Firstly, the historical reality of the Depression is accurately shown through Steinbeck's main characters of George and Lennie as well as the characters with whom they come into contact. Throughout the novella, George and Lennie discuss their need to travel to find work because work is so scarce, and they have to prove their worth to both The Boss, the owner of the ranch, and Slim, the understood leader of the ranch hands, demonstrating, too, the scarcity of money. Even small events in the plot such as the anecdote that The Boss once had a gallon of whiskey delivered to the ranch hands on Christmas demonstrates the economically destitute backdrop for the novella. Similarly, the dream that George and Lennie have to own and run their own place is described as something that is almost "too good to be true" because it would require more funds than seems attainable.

Because the Depression has severe consequences for the ways in which people can live their lives in the story, Steinbeck's characterization and language seem to mirror a similar depression.

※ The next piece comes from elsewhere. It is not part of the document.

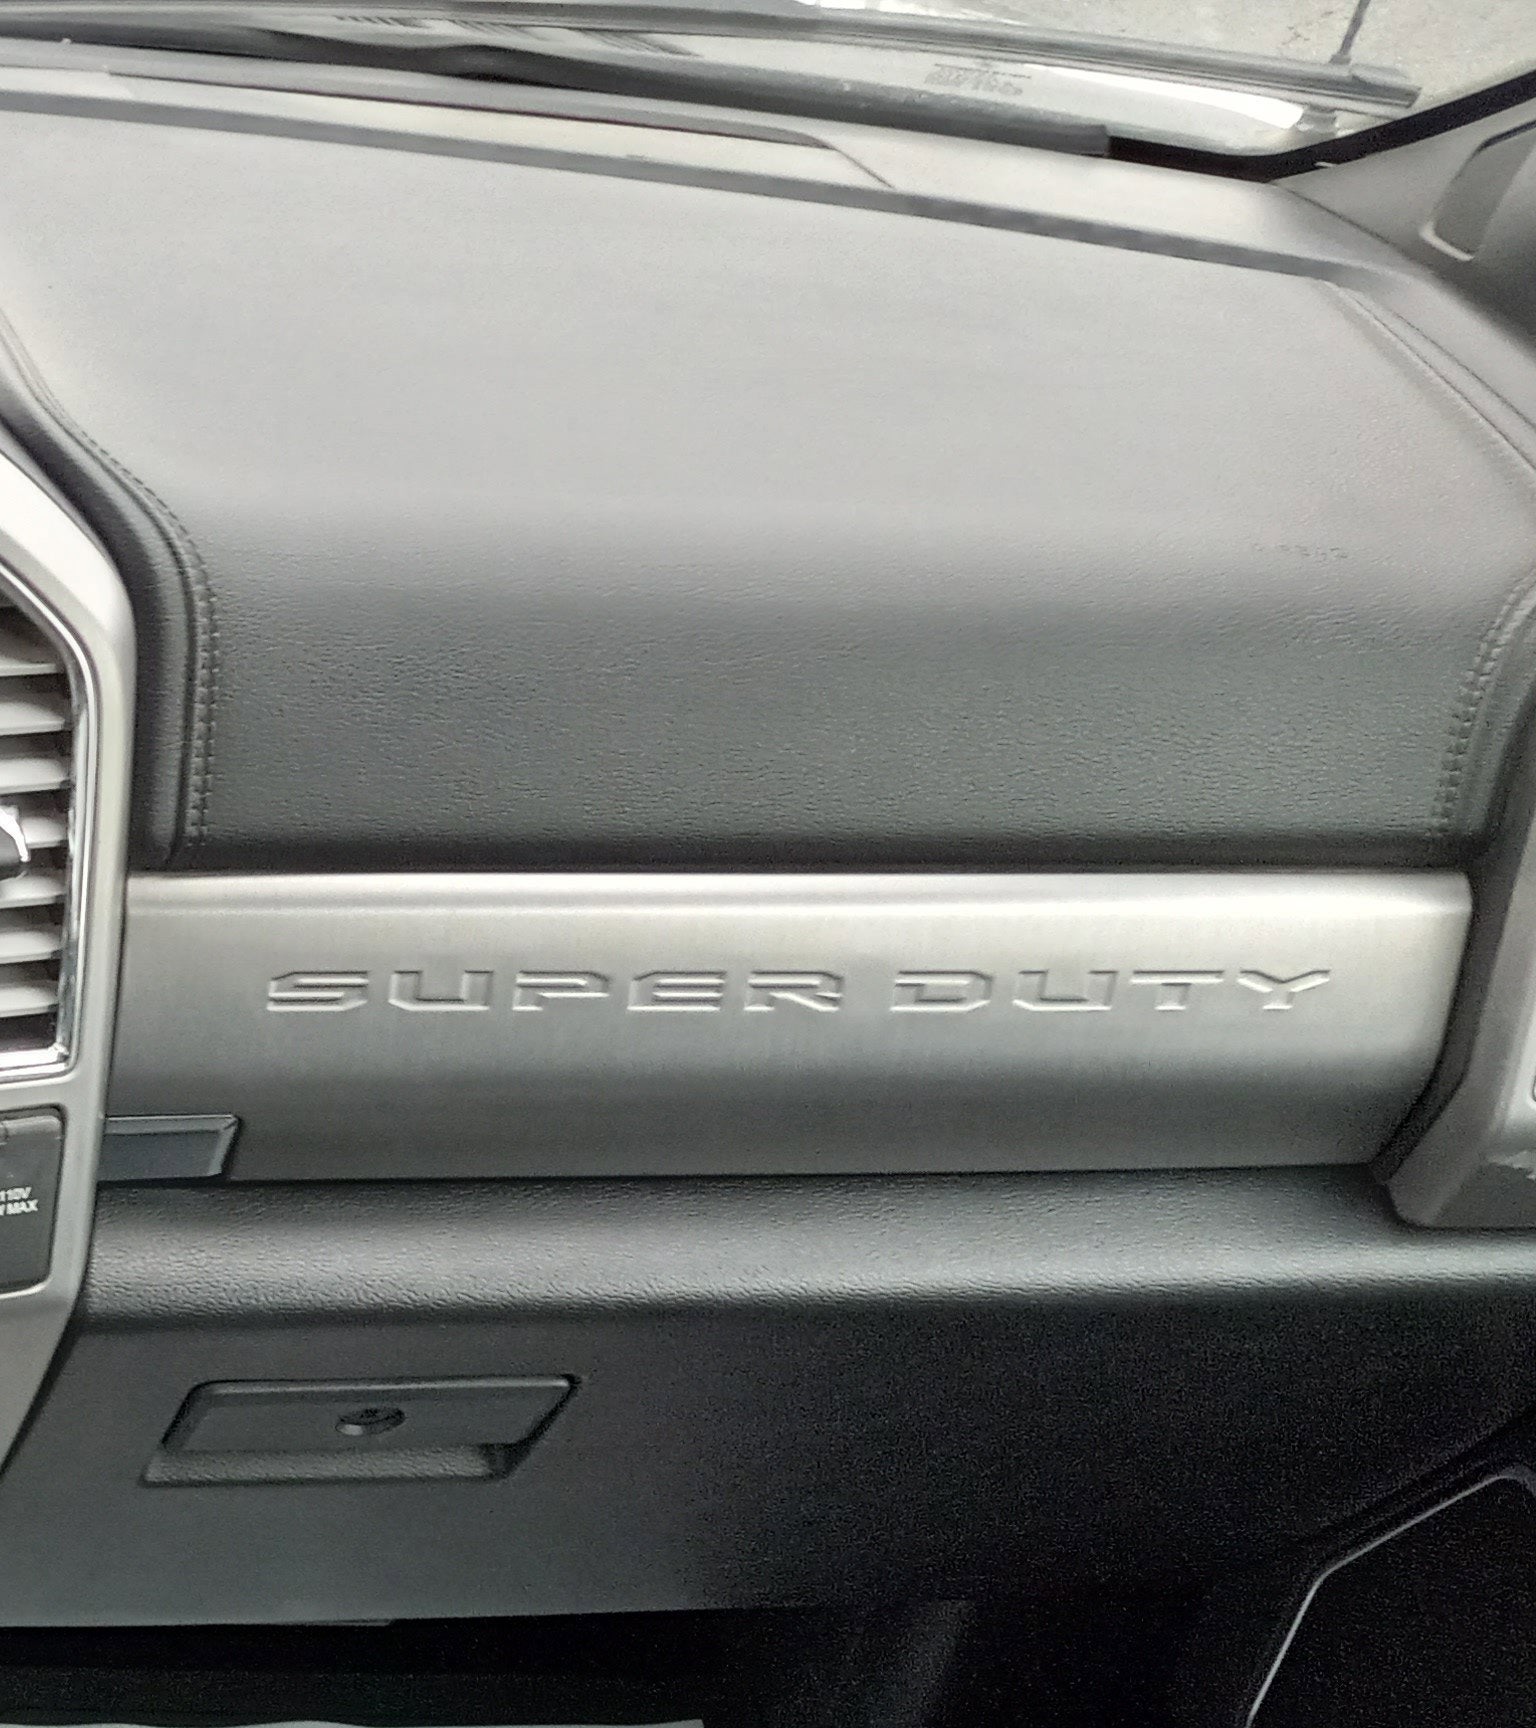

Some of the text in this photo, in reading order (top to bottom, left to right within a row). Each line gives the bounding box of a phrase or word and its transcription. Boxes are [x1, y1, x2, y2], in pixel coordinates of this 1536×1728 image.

[266, 968, 1331, 1013] SUPER DUTY
[6, 1199, 38, 1215] MAX
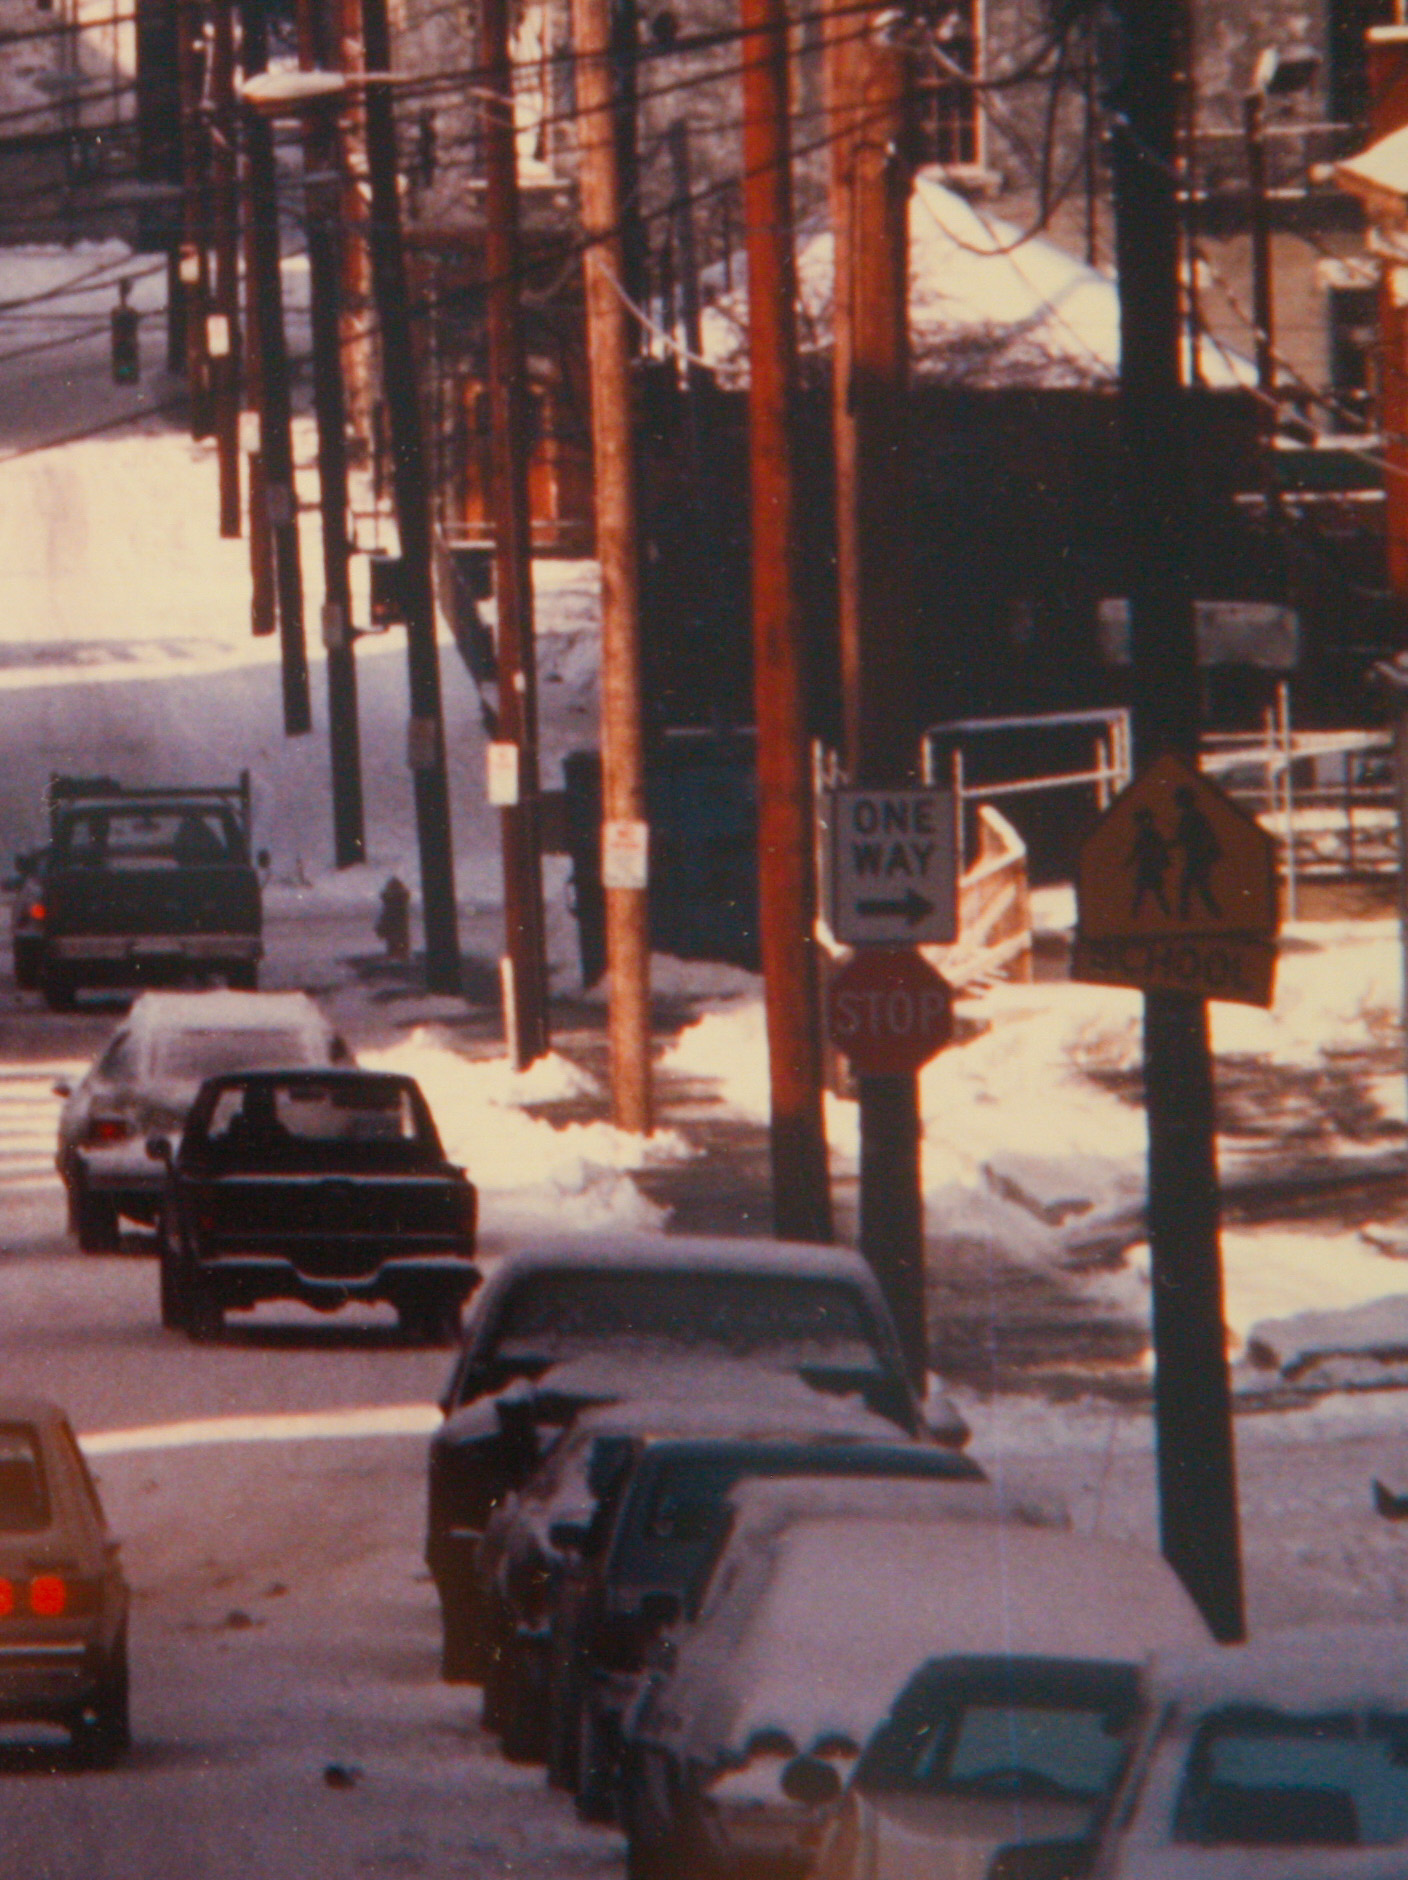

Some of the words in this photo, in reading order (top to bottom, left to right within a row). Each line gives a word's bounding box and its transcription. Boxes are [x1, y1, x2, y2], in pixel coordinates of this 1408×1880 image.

It's as if, because of the harsh economic times, Steinbeck's characters are intentionally stripped of all superfluity and are left with only the harsher aspects of their personalities, which they need to survive. All characters, with the possible exception of Slim, consistently demonstrate an overall frustration with their lives and take it out on others. For example, Curley is jealous, Crooks is bitter, and Carlson is angry. The dialogue throughout the novella, too, demonstrates a shortness and lack of depth.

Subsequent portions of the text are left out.